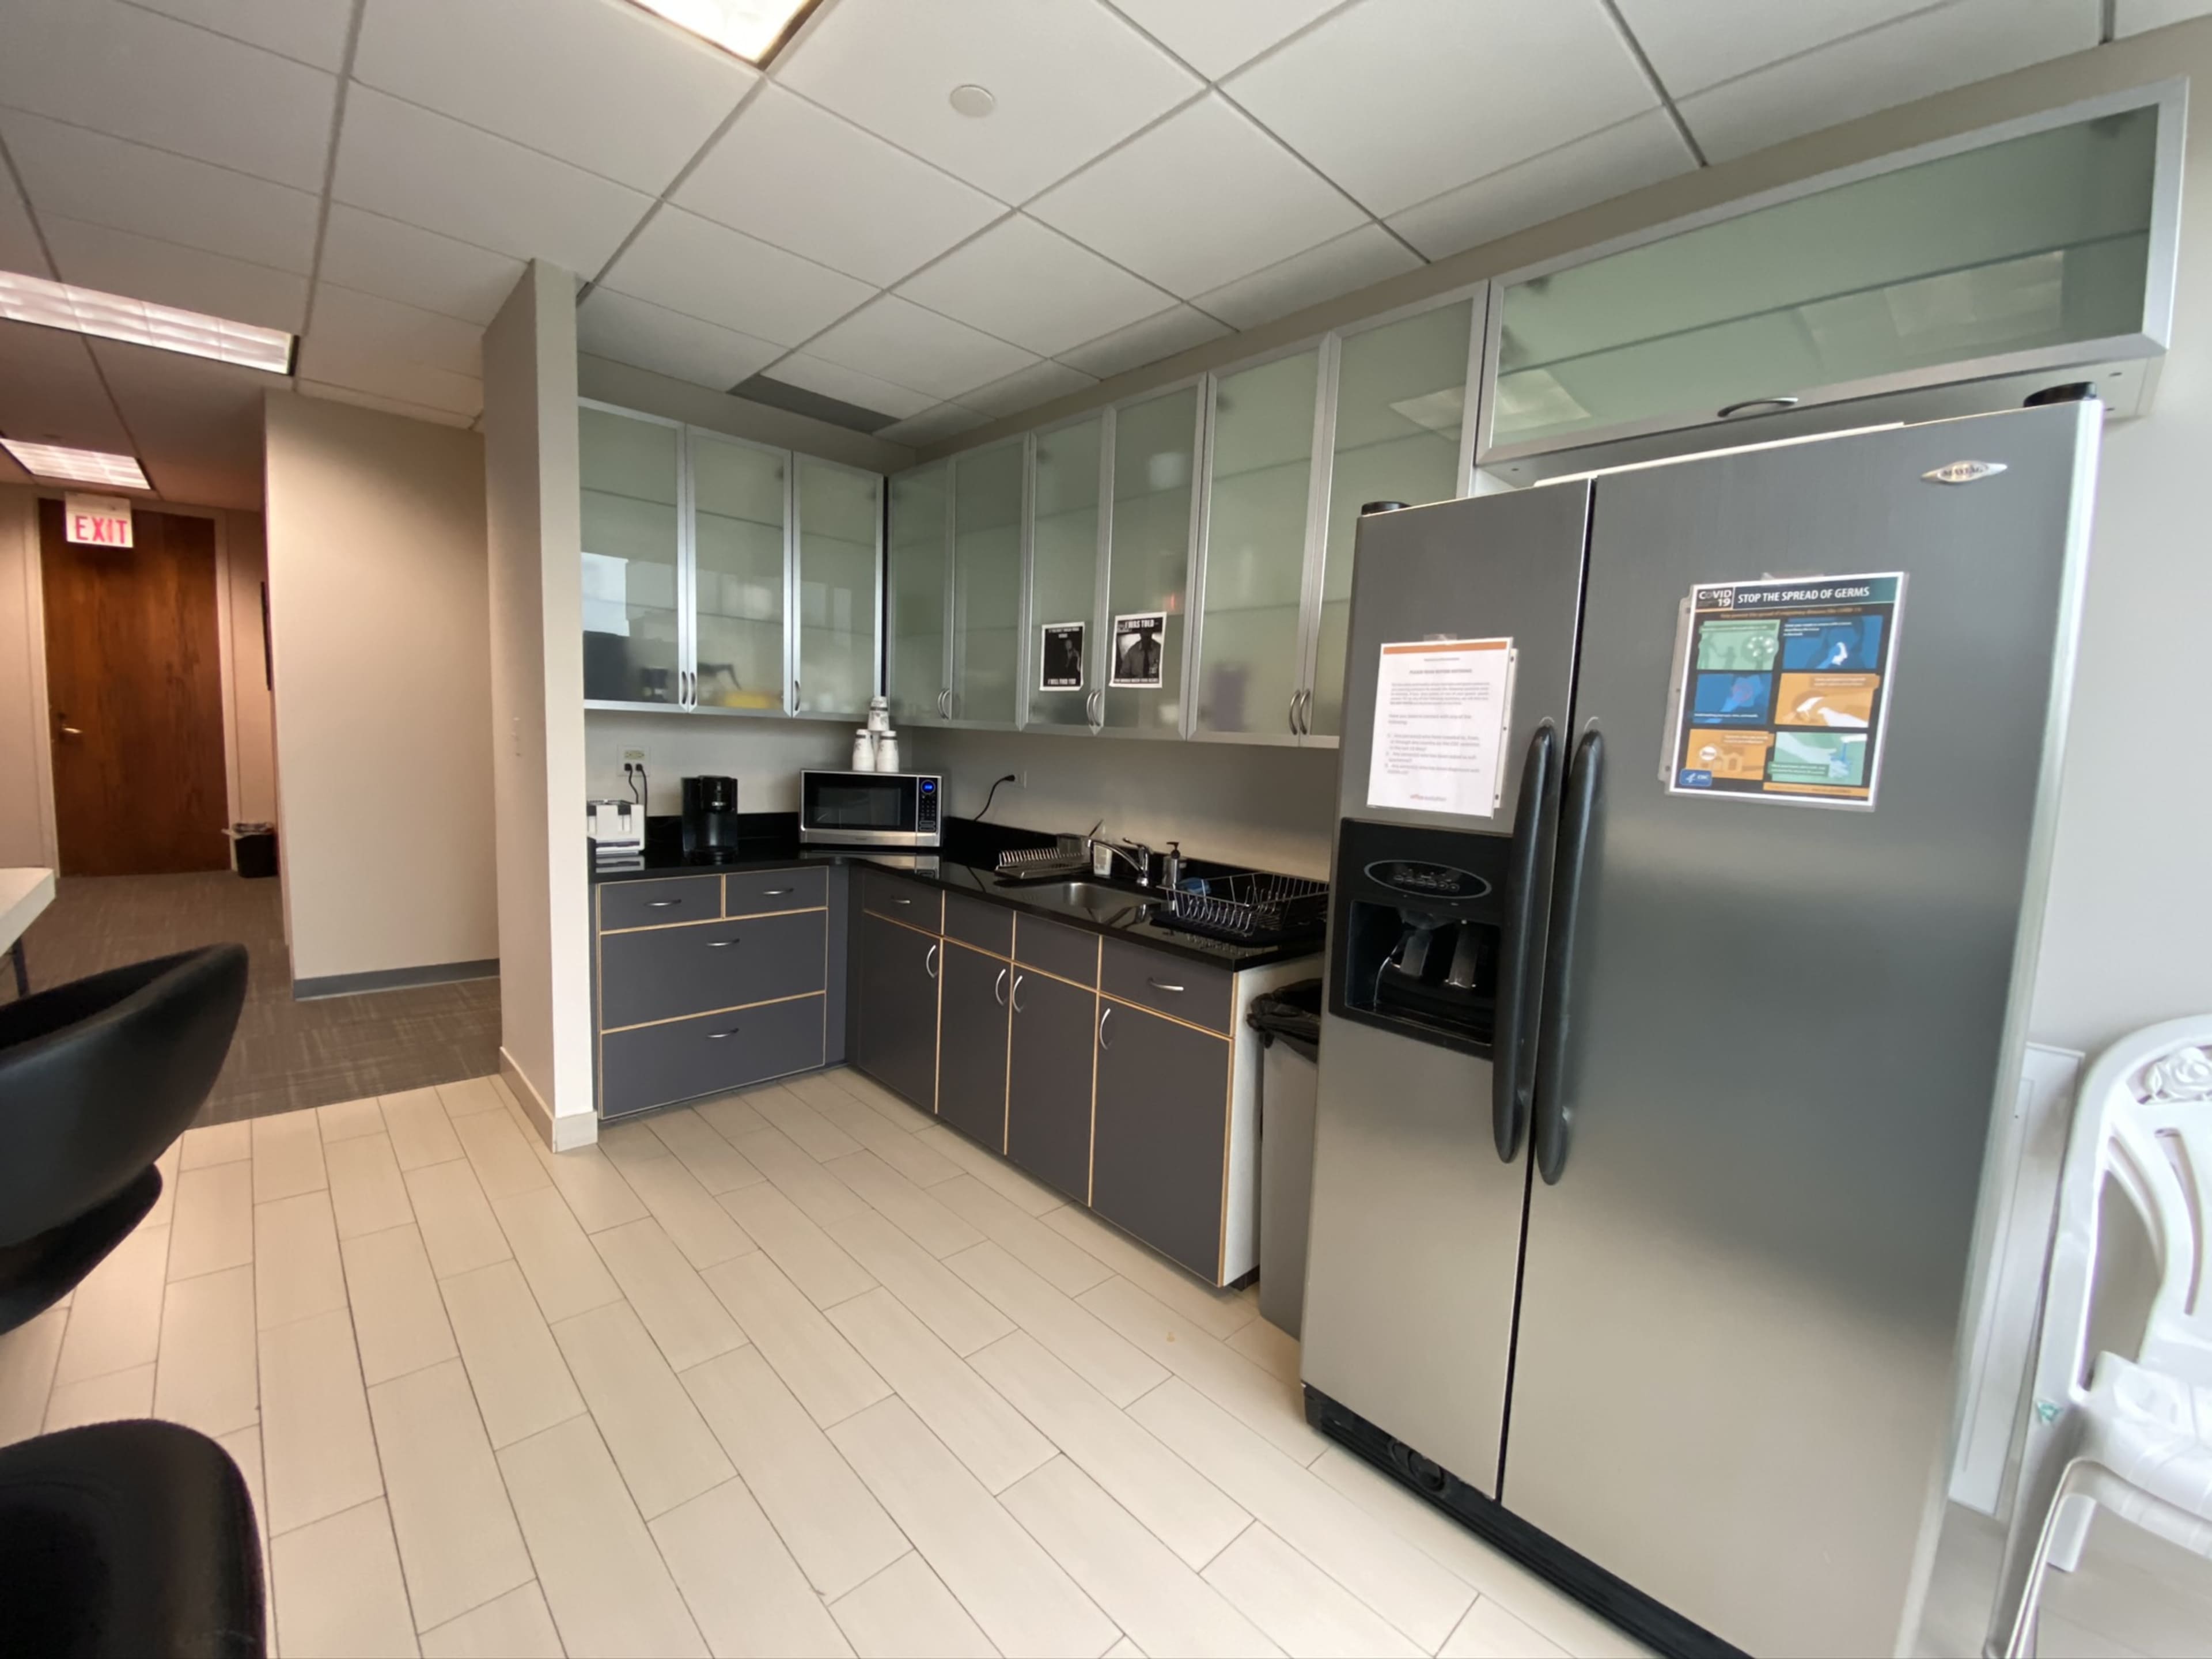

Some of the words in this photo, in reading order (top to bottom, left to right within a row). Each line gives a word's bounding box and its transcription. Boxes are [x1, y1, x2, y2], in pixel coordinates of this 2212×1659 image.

[75, 515, 127, 544] EXIT
[1718, 599, 1731, 607] 19
[1738, 594, 1761, 604] STOP
[1763, 592, 1781, 602] THE
[1781, 590, 1819, 601] SPREAD
[1820, 589, 1834, 599] OF
[1835, 586, 1870, 598] GERMS
◆ ◆ ◆ ◆ ◆ ◆ ◆
**DESCRIPTION OF THE TASK:**
Print the material above once more, exactly. No pictures belong in it.

**ANSWER FOR THE TASK:**
Some of the words in this photo, in reading order (top to bottom, left to right within a row). Each line gives a word's bounding box and its transcription. Boxes are [x1, y1, x2, y2], in pixel coordinates of this 2212×1659 image.

[75, 515, 127, 544] EXIT
[1718, 599, 1731, 607] 19
[1738, 594, 1761, 604] STOP
[1763, 592, 1781, 602] THE
[1781, 590, 1819, 601] SPREAD
[1820, 589, 1834, 599] OF
[1835, 586, 1870, 598] GERMS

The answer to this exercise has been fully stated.